▶ _The task_: Return the full set of entries below exactly, leaving every image out.

(Stored data)
═══
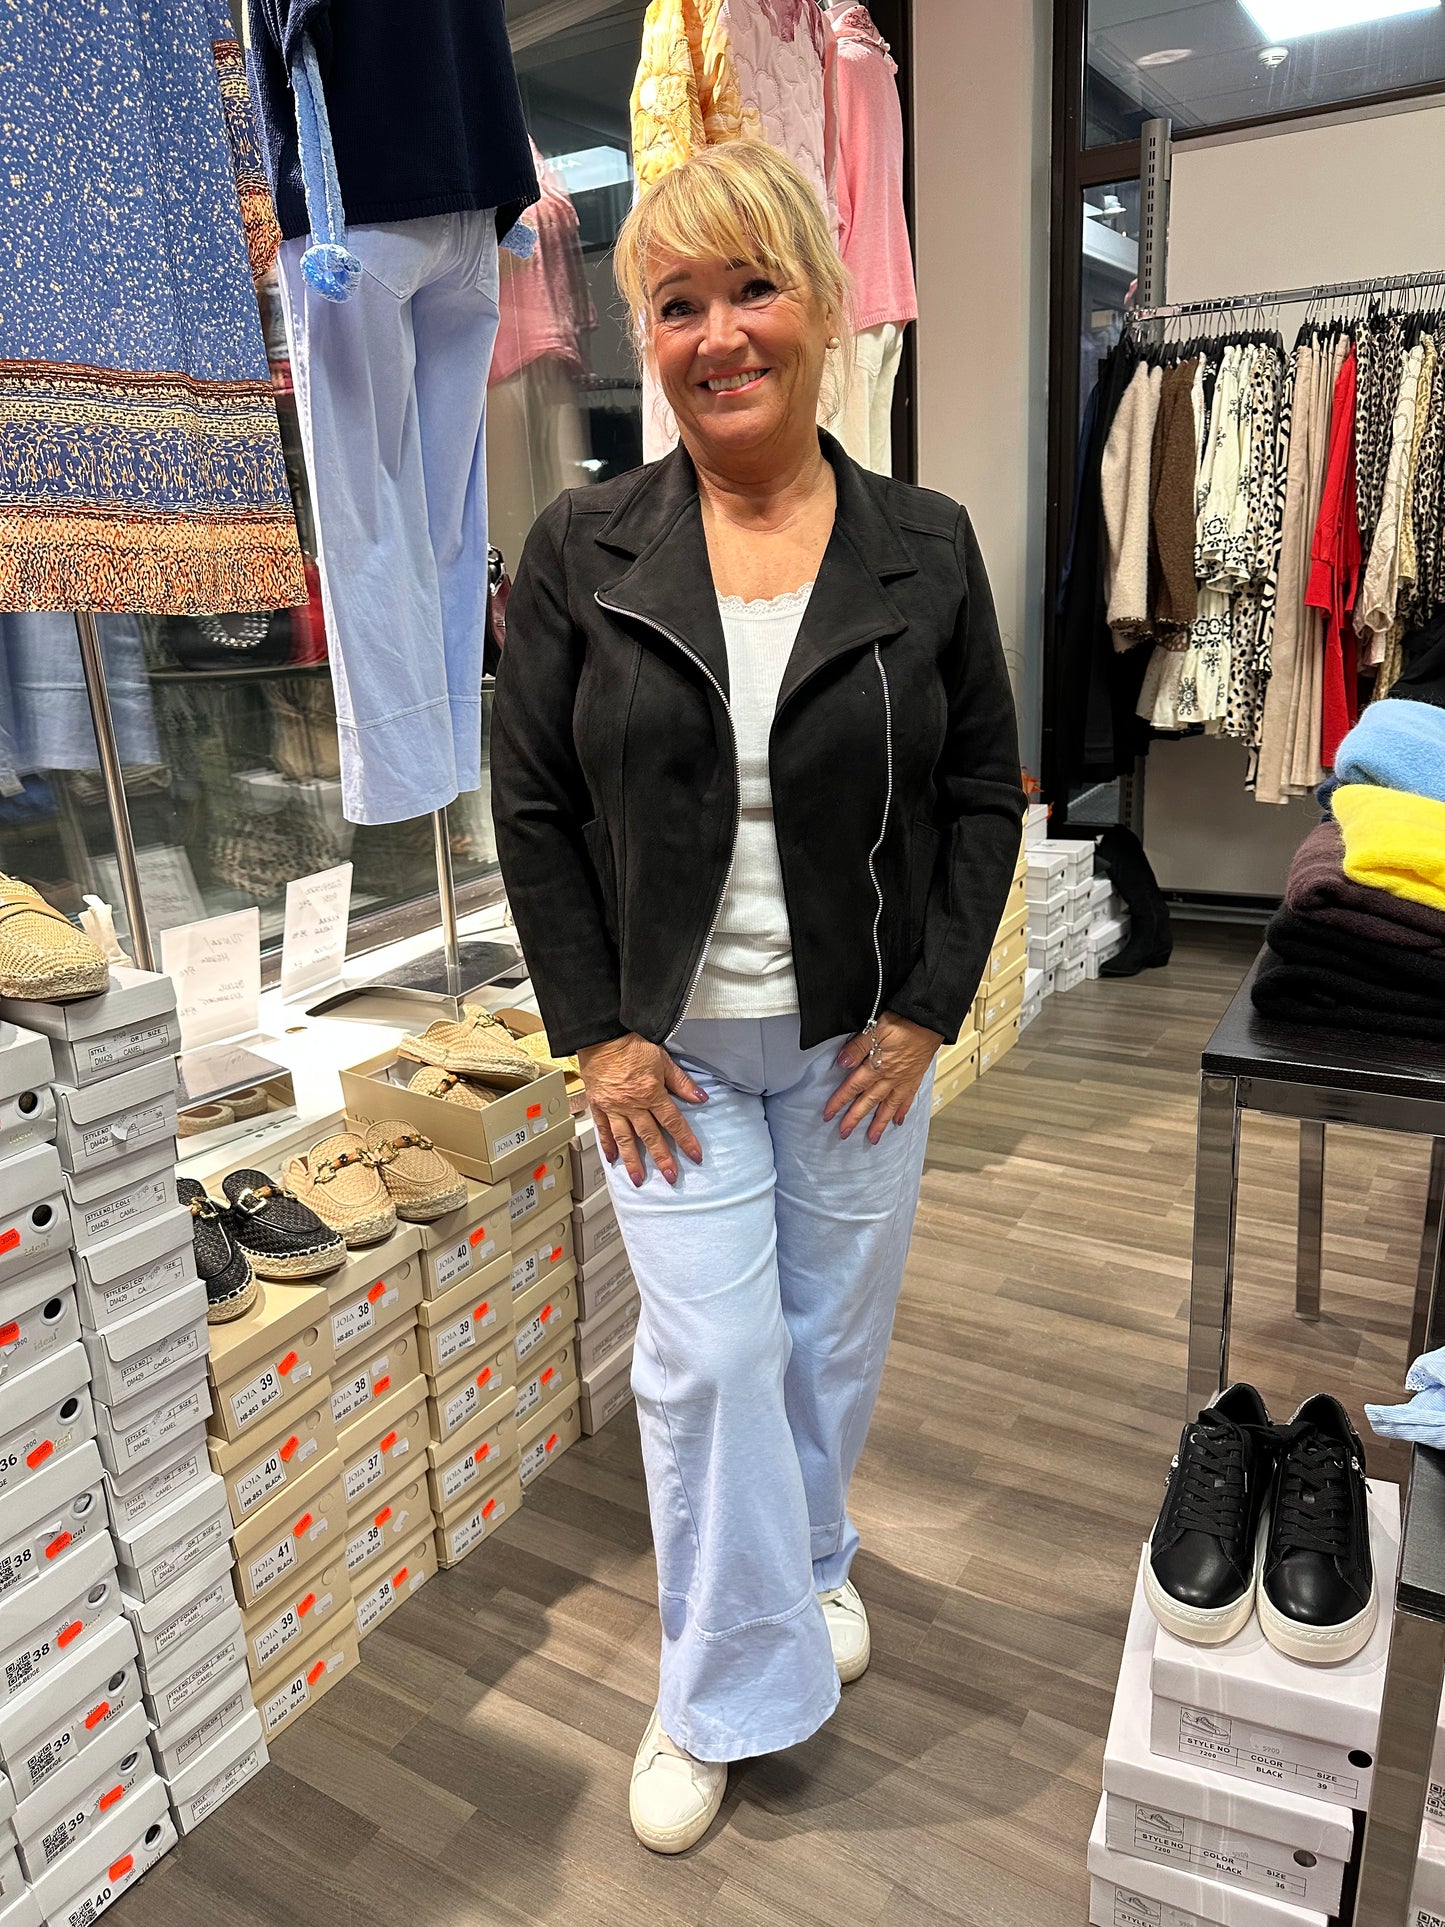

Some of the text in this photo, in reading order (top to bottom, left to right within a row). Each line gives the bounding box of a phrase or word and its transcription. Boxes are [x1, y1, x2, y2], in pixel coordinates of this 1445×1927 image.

[90, 1029, 160, 1056] STYLE SIZE
[85, 1130, 101, 1140] STYLE
[515, 1130, 525, 1144] 39
[526, 1185, 534, 1199] 36
[87, 1210, 100, 1221] STYLE
[91, 1219, 109, 1232] DM429
[457, 1244, 467, 1258] 40
[526, 1258, 534, 1271] 38
[106, 1288, 120, 1299] STYLE
[336, 1302, 369, 1328] JOIA 38
[459, 1321, 469, 1335] 39
[533, 1318, 540, 1332] 37
[124, 1364, 137, 1376] STYLE
[178, 1335, 190, 1345] SIZE
[236, 1373, 273, 1408] JOIA 39
[333, 1391, 351, 1407] JOIA
[355, 1378, 366, 1393] 38
[465, 1387, 475, 1401] 39
[529, 1382, 537, 1396] 37
[179, 1400, 192, 1409] SIZE
[262, 1390, 279, 1406] BLACK
[354, 1393, 368, 1407] BLACK
[160, 1422, 176, 1435] CAMEL
[0, 1453, 18, 1472] 36
[178, 1462, 190, 1472] SIZE
[347, 1454, 378, 1484] JOIA 37
[464, 1456, 473, 1470] 40
[241, 1458, 277, 1494] JOIA 40
[265, 1475, 282, 1490] BLACK
[367, 1470, 381, 1484] BLACK
[156, 1485, 172, 1498] CAMEL
[472, 1515, 479, 1528] 41
[347, 1527, 378, 1556] JOIA 38
[367, 1542, 380, 1555] BLACK
[13, 1548, 32, 1568] 38
[254, 1541, 289, 1576] JOIA 41
[277, 1557, 294, 1573] BLACK
[360, 1584, 389, 1616] JOIA 38
[380, 1597, 392, 1611] BLACK
[180, 1606, 198, 1622] COLOR
[259, 1613, 293, 1649] JOIA 39
[282, 1627, 298, 1643] BLACK
[32, 1643, 50, 1662] 38
[192, 1661, 210, 1678] COLOR
[197, 1671, 213, 1685] CAMEL
[268, 1679, 302, 1715] JOIA 40
[290, 1694, 306, 1709] BLACK
[103, 1700, 124, 1722] ideal
[201, 1716, 218, 1732] COLOR
[54, 1732, 70, 1752] 39
[1187, 1737, 1337, 1782] STYLE NO COLOR SIZE
[1199, 1750, 1217, 1758] 7200
[1256, 1766, 1283, 1779] BLACK
[222, 1777, 237, 1792] CAMEL
[68, 1812, 84, 1832] 39
[1142, 1833, 1286, 1880] STYLE NO COLOR SIZE
[1154, 1846, 1285, 1890] 7200 BLACK 36
[96, 1888, 111, 1907] 40
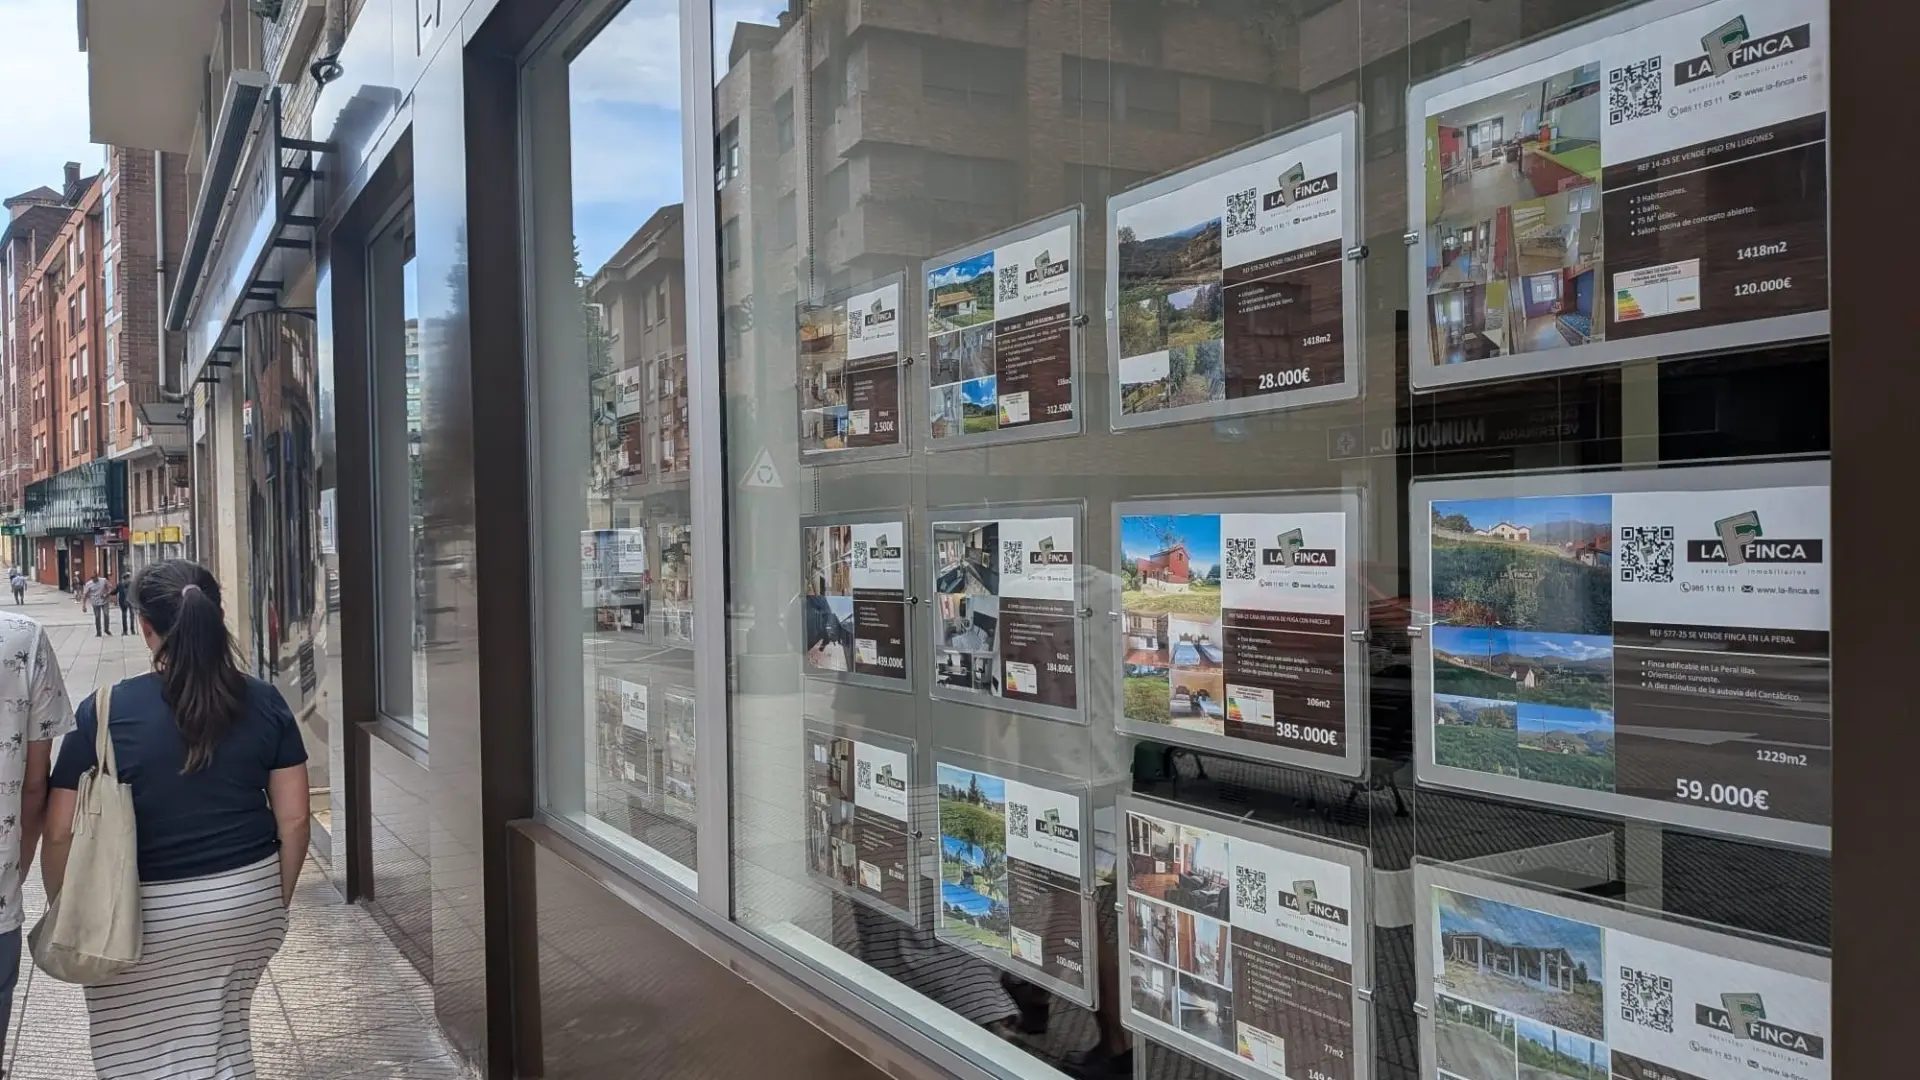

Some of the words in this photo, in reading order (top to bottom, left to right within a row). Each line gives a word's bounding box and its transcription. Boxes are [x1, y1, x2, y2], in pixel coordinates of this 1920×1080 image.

[1688, 60, 1712, 78] LA
[1732, 35, 1794, 65] FINCA
[1744, 74, 1808, 97] www.la-finca.es
[1637, 162, 1649, 172] REF
[1652, 158, 1670, 169] 14-25
[1672, 154, 1680, 163] SE
[1682, 148, 1705, 161] VENDE
[1706, 144, 1724, 156] PISO
[1725, 141, 1736, 150] EN
[1738, 132, 1774, 148] LUGONES
[1271, 193, 1284, 206] LA
[1295, 179, 1329, 198] FINCA
[1642, 186, 1688, 202] Habitaciones.
[1682, 218, 1692, 227] de
[1692, 212, 1726, 226] concepto
[1727, 206, 1756, 217] abierto.
[1737, 241, 1788, 260] 1418m2
[1734, 277, 1793, 296] 120.000€
[1303, 333, 1331, 346] 1418m2
[1259, 367, 1310, 390] 28.000€
[1270, 552, 1284, 563] LA
[1294, 552, 1328, 564] FINCA
[1701, 544, 1725, 559] LA
[1745, 544, 1807, 559] FINCA
[1756, 586, 1820, 595] www.la-finca.es
[1664, 630, 1687, 639] 577-25
[1688, 631, 1696, 640] SE
[1700, 632, 1722, 640] VENDE
[1724, 633, 1746, 642] FINCA
[1748, 634, 1758, 642] EN
[1760, 635, 1770, 643] LA
[1771, 636, 1795, 644] PERAL
[1648, 660, 1664, 668] Finca
[1666, 661, 1698, 672] edificable
[1711, 664, 1720, 672] La
[1720, 665, 1739, 674] Peral
[1688, 674, 1720, 684] suroeste.
[1654, 682, 1668, 690] diez
[1669, 684, 1696, 692] minutos
[1698, 686, 1708, 694] de
[1745, 690, 1756, 698] del
[1306, 697, 1331, 708] 106m2
[1276, 722, 1338, 746] 385.000€
[1756, 750, 1808, 766] 1229m2
[1676, 778, 1770, 810] 59.000€
[1285, 896, 1298, 908] LA
[1308, 902, 1340, 920] FINCA
[1708, 1011, 1731, 1030] LA
[1750, 1023, 1808, 1052] FINCA
[1324, 1044, 1344, 1059] 77m2
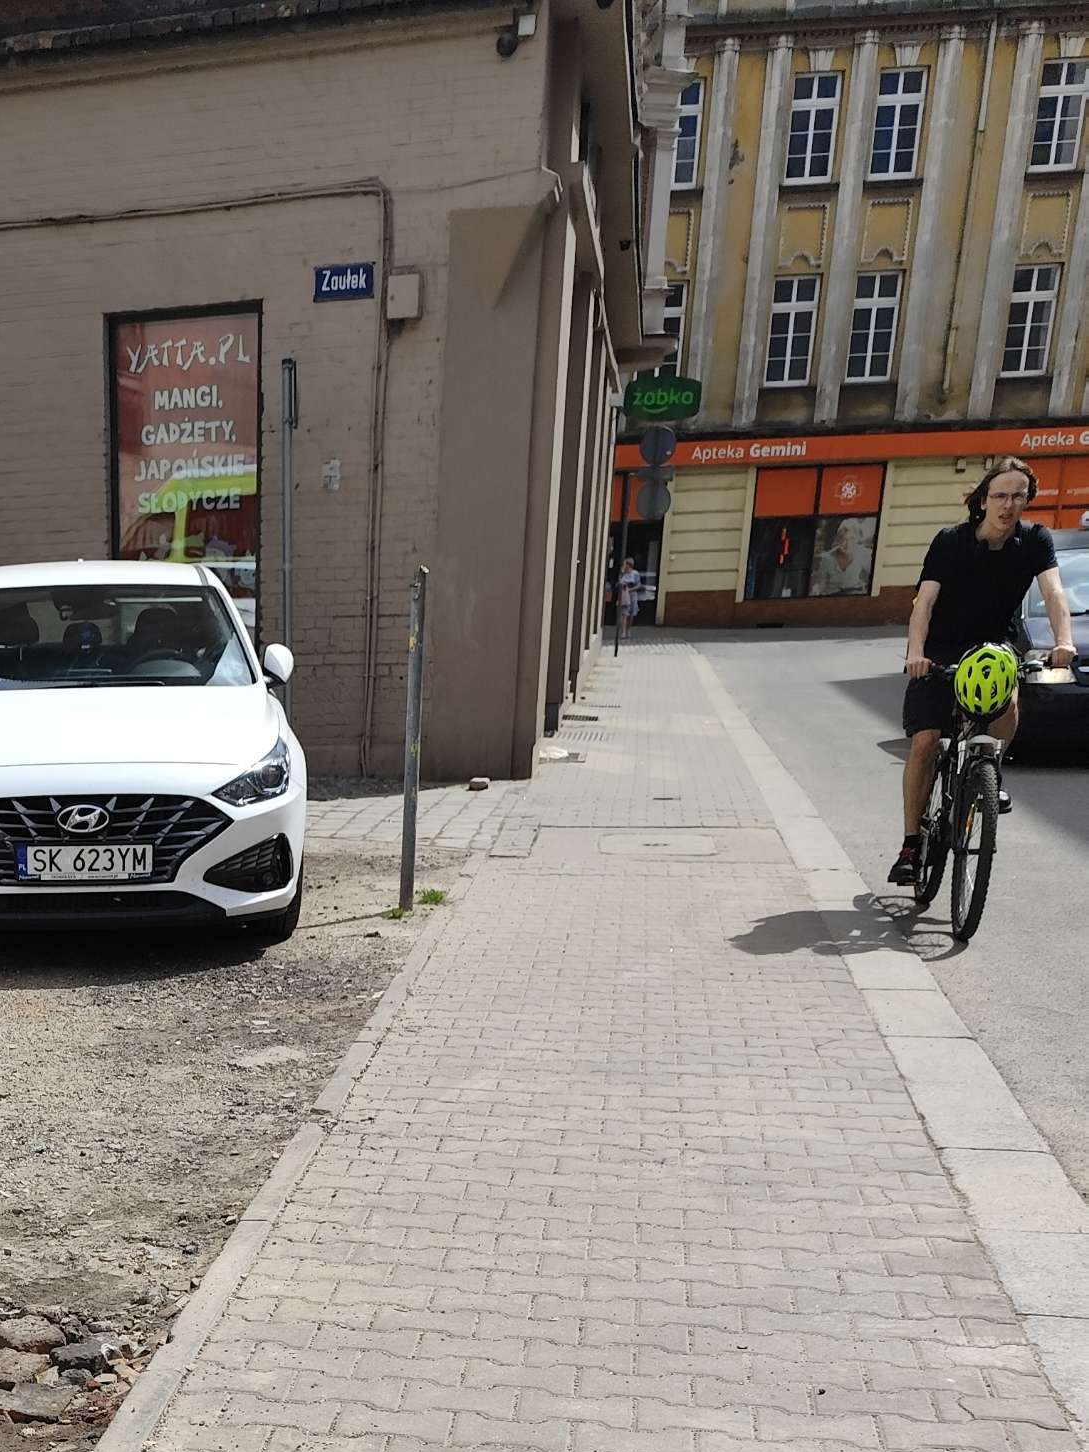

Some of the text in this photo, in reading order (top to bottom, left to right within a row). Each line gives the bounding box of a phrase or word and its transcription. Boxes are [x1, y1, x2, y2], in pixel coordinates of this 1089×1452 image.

[321, 267, 367, 291] Zaułek
[126, 333, 250, 374] YATTA.PL
[154, 384, 223, 410] MANGI,
[141, 416, 236, 446] GADŻETY,
[1020, 432, 1075, 451] Apteka
[692, 441, 807, 463] Apteka Gemini
[135, 450, 245, 482] JAPOŃSKIE
[138, 488, 241, 514] SŁODYCZE
[18, 863, 27, 871] PL
[33, 848, 147, 872] SK 623YM
═══
▶ _Reply to the task_:
Some of the text in this photo, in reading order (top to bottom, left to right within a row). Each line gives the bounding box of a phrase or word and its transcription. Boxes are [x1, y1, x2, y2], in pixel coordinates of this 1445×1927 image.

[90, 1029, 160, 1056] STYLE SIZE
[85, 1130, 101, 1140] STYLE
[515, 1130, 525, 1144] 39
[526, 1185, 534, 1199] 36
[87, 1210, 100, 1221] STYLE
[91, 1219, 109, 1232] DM429
[457, 1244, 467, 1258] 40
[526, 1258, 534, 1271] 38
[106, 1288, 120, 1299] STYLE
[336, 1302, 369, 1328] JOIA 38
[459, 1321, 469, 1335] 39
[533, 1318, 540, 1332] 37
[124, 1364, 137, 1376] STYLE
[178, 1335, 190, 1345] SIZE
[236, 1373, 273, 1408] JOIA 39
[333, 1391, 351, 1407] JOIA
[355, 1378, 366, 1393] 38
[465, 1387, 475, 1401] 39
[529, 1382, 537, 1396] 37
[179, 1400, 192, 1409] SIZE
[262, 1390, 279, 1406] BLACK
[354, 1393, 368, 1407] BLACK
[160, 1422, 176, 1435] CAMEL
[0, 1453, 18, 1472] 36
[178, 1462, 190, 1472] SIZE
[347, 1454, 378, 1484] JOIA 37
[464, 1456, 473, 1470] 40
[241, 1458, 277, 1494] JOIA 40
[265, 1475, 282, 1490] BLACK
[367, 1470, 381, 1484] BLACK
[156, 1485, 172, 1498] CAMEL
[472, 1515, 479, 1528] 41
[347, 1527, 378, 1556] JOIA 38
[367, 1542, 380, 1555] BLACK
[13, 1548, 32, 1568] 38
[254, 1541, 289, 1576] JOIA 41
[277, 1557, 294, 1573] BLACK
[360, 1584, 389, 1616] JOIA 38
[380, 1597, 392, 1611] BLACK
[180, 1606, 198, 1622] COLOR
[259, 1613, 293, 1649] JOIA 39
[282, 1627, 298, 1643] BLACK
[32, 1643, 50, 1662] 38
[192, 1661, 210, 1678] COLOR
[197, 1671, 213, 1685] CAMEL
[268, 1679, 302, 1715] JOIA 40
[290, 1694, 306, 1709] BLACK
[103, 1700, 124, 1722] ideal
[201, 1716, 218, 1732] COLOR
[54, 1732, 70, 1752] 39
[1187, 1737, 1337, 1782] STYLE NO COLOR SIZE
[1199, 1750, 1217, 1758] 7200
[1256, 1766, 1283, 1779] BLACK
[222, 1777, 237, 1792] CAMEL
[68, 1812, 84, 1832] 39
[1142, 1833, 1286, 1880] STYLE NO COLOR SIZE
[1154, 1846, 1285, 1890] 7200 BLACK 36
[96, 1888, 111, 1907] 40

Some of the words in this photo, in reading order (top to bottom, left to right within a row). Each line gives a word's bounding box and its transcription. Boxes are [x1, y1, x2, y2], in pixel coordinates of this 1920×1080 image.

[1688, 60, 1712, 78] LA
[1732, 35, 1794, 65] FINCA
[1744, 74, 1808, 97] www.la-finca.es
[1637, 162, 1649, 172] REF
[1652, 158, 1670, 169] 14-25
[1672, 154, 1680, 163] SE
[1682, 148, 1705, 161] VENDE
[1706, 144, 1724, 156] PISO
[1725, 141, 1736, 150] EN
[1738, 132, 1774, 148] LUGONES
[1271, 193, 1284, 206] LA
[1295, 179, 1329, 198] FINCA
[1642, 186, 1688, 202] Habitaciones.
[1682, 218, 1692, 227] de
[1692, 212, 1726, 226] concepto
[1727, 206, 1756, 217] abierto.
[1737, 241, 1788, 260] 1418m2
[1734, 277, 1793, 296] 120.000€
[1303, 333, 1331, 346] 1418m2
[1259, 367, 1310, 390] 28.000€
[1270, 552, 1284, 563] LA
[1294, 552, 1328, 564] FINCA
[1701, 544, 1725, 559] LA
[1745, 544, 1807, 559] FINCA
[1756, 586, 1820, 595] www.la-finca.es
[1664, 630, 1687, 639] 577-25
[1688, 631, 1696, 640] SE
[1700, 632, 1722, 640] VENDE
[1724, 633, 1746, 642] FINCA
[1748, 634, 1758, 642] EN
[1760, 635, 1770, 643] LA
[1771, 636, 1795, 644] PERAL
[1648, 660, 1664, 668] Finca
[1666, 661, 1698, 672] edificable
[1711, 664, 1720, 672] La
[1720, 665, 1739, 674] Peral
[1688, 674, 1720, 684] suroeste.
[1654, 682, 1668, 690] diez
[1669, 684, 1696, 692] minutos
[1698, 686, 1708, 694] de
[1745, 690, 1756, 698] del
[1306, 697, 1331, 708] 106m2
[1276, 722, 1338, 746] 385.000€
[1756, 750, 1808, 766] 1229m2
[1676, 778, 1770, 810] 59.000€
[1285, 896, 1298, 908] LA
[1308, 902, 1340, 920] FINCA
[1708, 1011, 1731, 1030] LA
[1750, 1023, 1808, 1052] FINCA
[1324, 1044, 1344, 1059] 77m2

Some of the text in this photo, in reading order (top to bottom, left to right within a row). Each line gives the bounding box of a phrase or word and its transcription. Boxes are [x1, y1, x2, y2], in pixel coordinates of this 1089×1452 image.

[321, 267, 367, 291] Zaułek
[126, 333, 250, 374] YATTA.PL
[154, 384, 223, 410] MANGI,
[141, 416, 236, 446] GADŻETY,
[1020, 432, 1075, 451] Apteka
[692, 441, 807, 463] Apteka Gemini
[135, 450, 245, 482] JAPOŃSKIE
[138, 488, 241, 514] SŁODYCZE
[18, 863, 27, 871] PL
[33, 848, 147, 872] SK 623YM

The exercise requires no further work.